Tra i requisiti di cui il collegio dovrà tenere conto in questa delicata operazione vi è quello relativo allo sviluppo di contenuti fondamentali delle singole discipline, per cui il libro dovrà presentare contenuti propri di ogni insegnamento, evidenziando al contempo i nessi e i collegamenti con altre discipline; quello che concerne l’impiego di un linguaggio coerente con l’età dei destinatari, studiato quindi per garantire la massima comprensibilità; il libro di testo deve inoltre recare ben chiara l’indicazione bibliografica, per permettere eventuali approfondimenti; esso, infine, deve essere presentato con indicazioni che ne rivelino impostazione e metodologia, e deve dichiarare i prerequisiti necessari agli studenti per una completa fruizione dello strumento didattico, nonché gli obiettivi di apprendimento che il libro stesso si prefigge e i criteri per eventuali verifiche. Costituisce nota di merito la presenza all’interno del libro di un glossario che aiuti a comprendere il significato dei termini di uso meno frequente utilizzati nel testo. Tutto questo, senza tralasciare le indicazioni di carattere generale, relative ad esempio al numero delle pagine e al formato del volume, contenute nei relativi decreti sulle norme e le avvertenze per la compilazione dei libri di testo da utilizzare nella scuola dell’obbligo ( tra gli altri il D.M. 547 del 7/12/1999).
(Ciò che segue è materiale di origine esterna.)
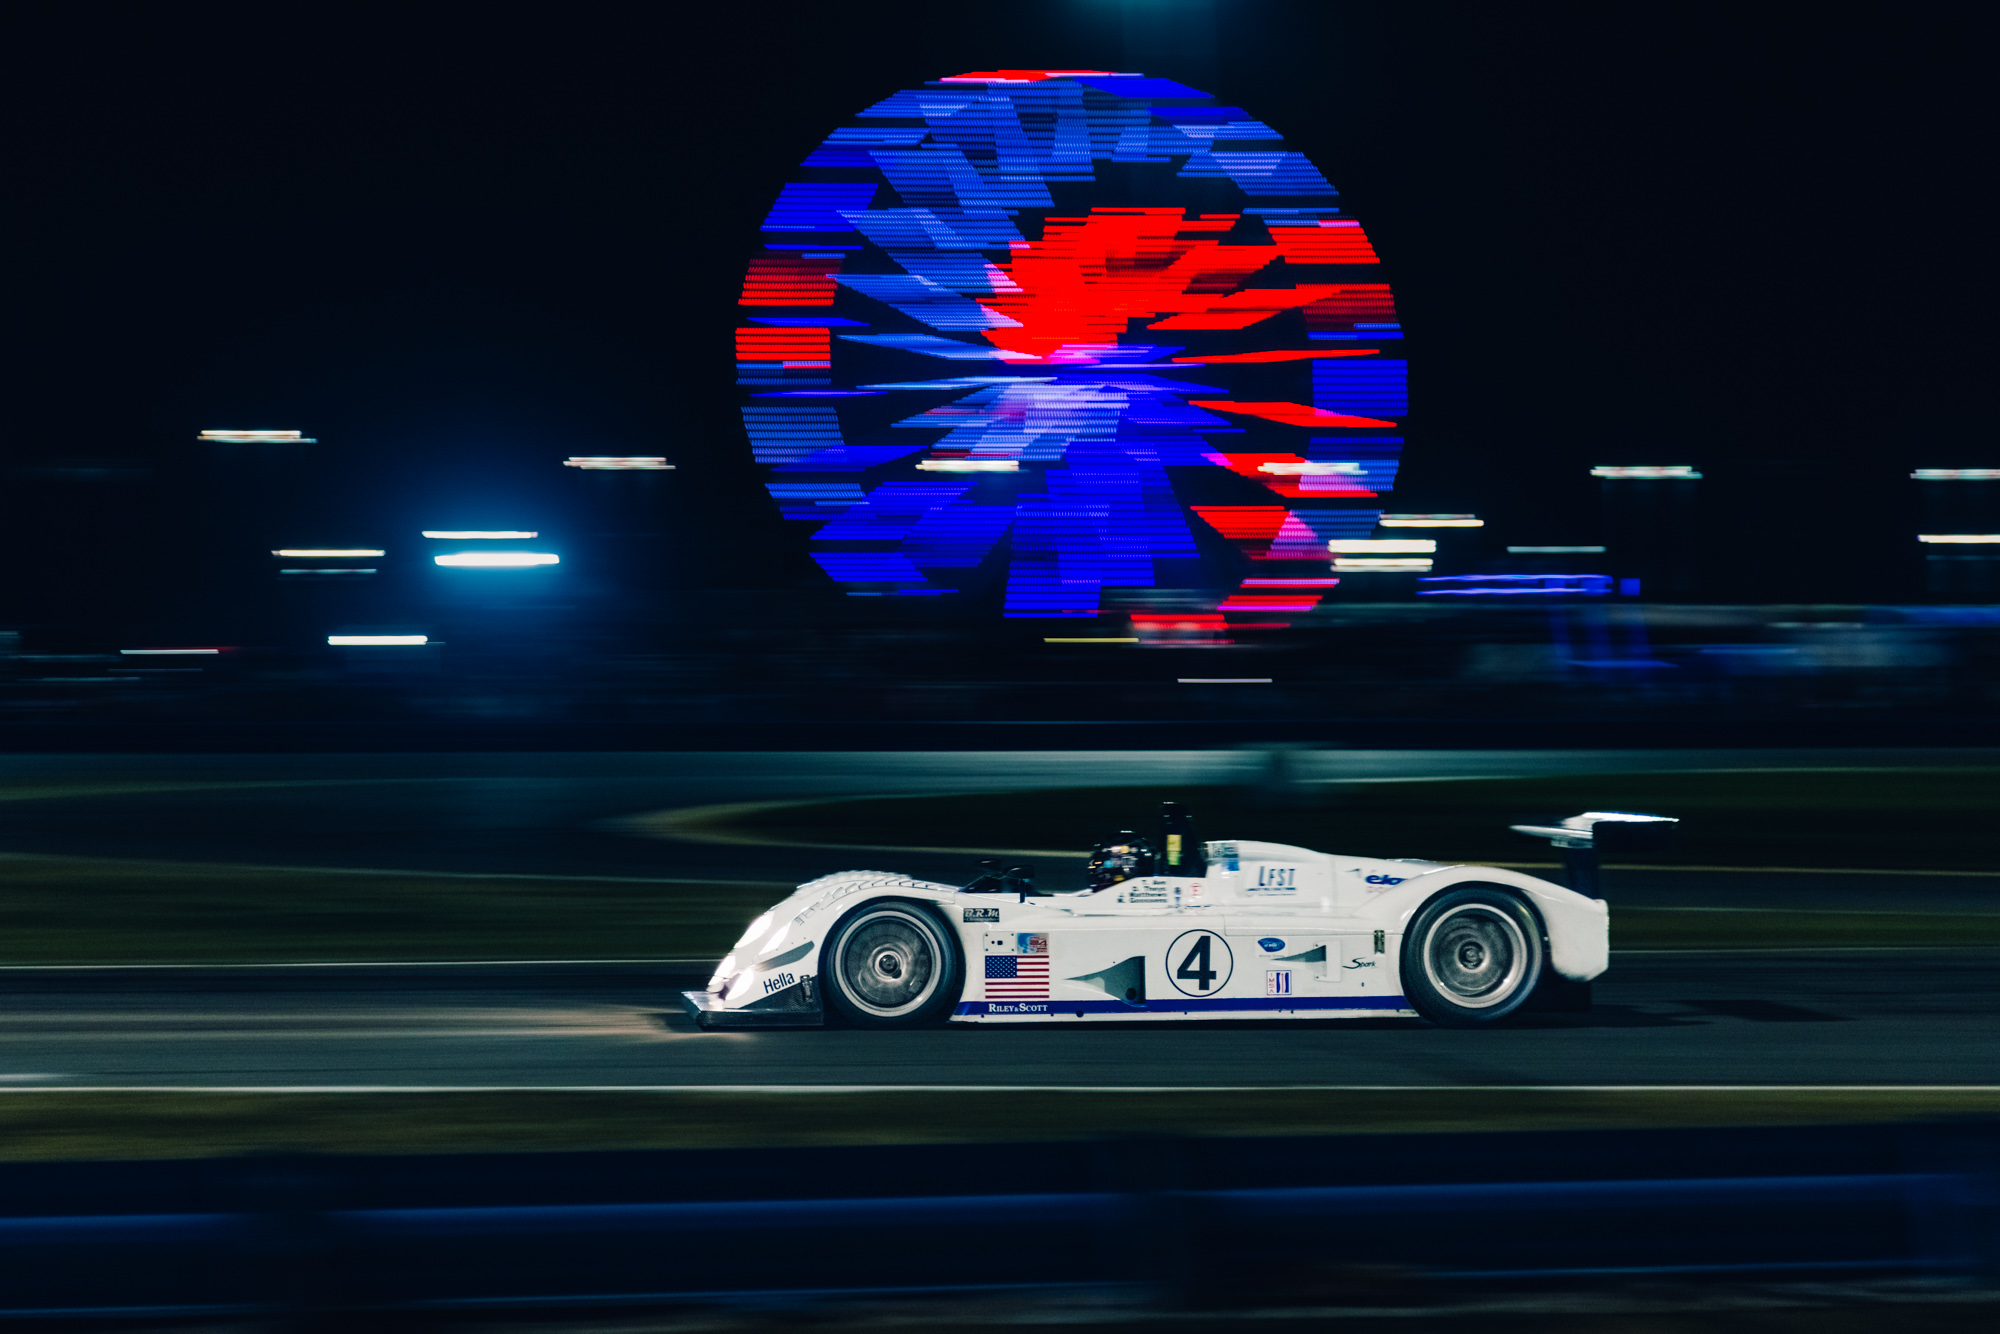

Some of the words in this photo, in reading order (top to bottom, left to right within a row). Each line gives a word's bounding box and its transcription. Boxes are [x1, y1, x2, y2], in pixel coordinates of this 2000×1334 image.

[1258, 866, 1295, 886] LFST
[1177, 935, 1217, 991] 4
[763, 972, 795, 994] Hella
Dalla risoluzione 7-00163 sull'insegnamento della storia, approvata dalla VII commissione:

...lo studio della storia svolge una funzione centrale nel processo formativo fin dagli anni dell'infanzia: le categorie sono delle chiavi di lettura
fondamentali di tutta la realtà e lo studio della storia ha un ruolo fondamentale nella strutturazione della memoria e della coscienza nazionale e di gruppo;



Dal PROGETTO BROCCA triennio - STORIA - FINALITA'

1. Ricostruire la complessità del fatto storico attraverso l'individuazione di interconnessioni, di rapporti tra particolare e generale, tra soggetti e contesti.
2. Acquisire la consapevolezza che le conoscenze storiche sono elaborate sulla base di fonti di natura diversa che lo storico vaglia, seleziona, ordina e interpreta secondo modelli e riferimenti ideologici.
3. Consolidare l'attitudine a problematizzare, a formulare domande, a riferirsi a tempi e spazi diversi, a dilatare il campo delle prospettive, a inserire in scala diacronica le conoscenze acquisite in altre aree disciplinari.
4. Riconoscere e valutare gli usi sociali e politici della storia e della memoria collettiva.
5. Scoprire la dimensione storica del presente.
6. Affinare la "sensibilità" alle differenze.
7. Acquisire consapevolezze che la fiducia di intervento nel presente è connessa alla capacità di problemizzare il passato.
Le finalità del triennio riprendono e sviluppano le finalità del biennio. Esse descrivono due campi di intervento. Il primo riguarda la specificità del lavoro storico e lo statuto epistemologico della storia, e ad esso fanno riferimento le finalità 1 - 4 sulla complessità del fatto storico, sul laboratorio delle fonti e dei concetti, sull'uso della memoria storica. Il secondo riguarda i bisogni formativi degli studenti, che vengono individuati nella esigenza della realizzazione di sé e dell'apertura al mondo e agli altri: la storia aiuta ad apprezzare differenze, a orientarsi nel mondo. In ciò consiste la scoperta del presente come storia (finalità 5, 6 e 7). Le finalità nel loro insieme individuano, inoltre, uno specifico aspetto del triennio, che consiste nell'attitudine a porre domande, a costruire problemi, analizzarli, interpretarli e valutarli.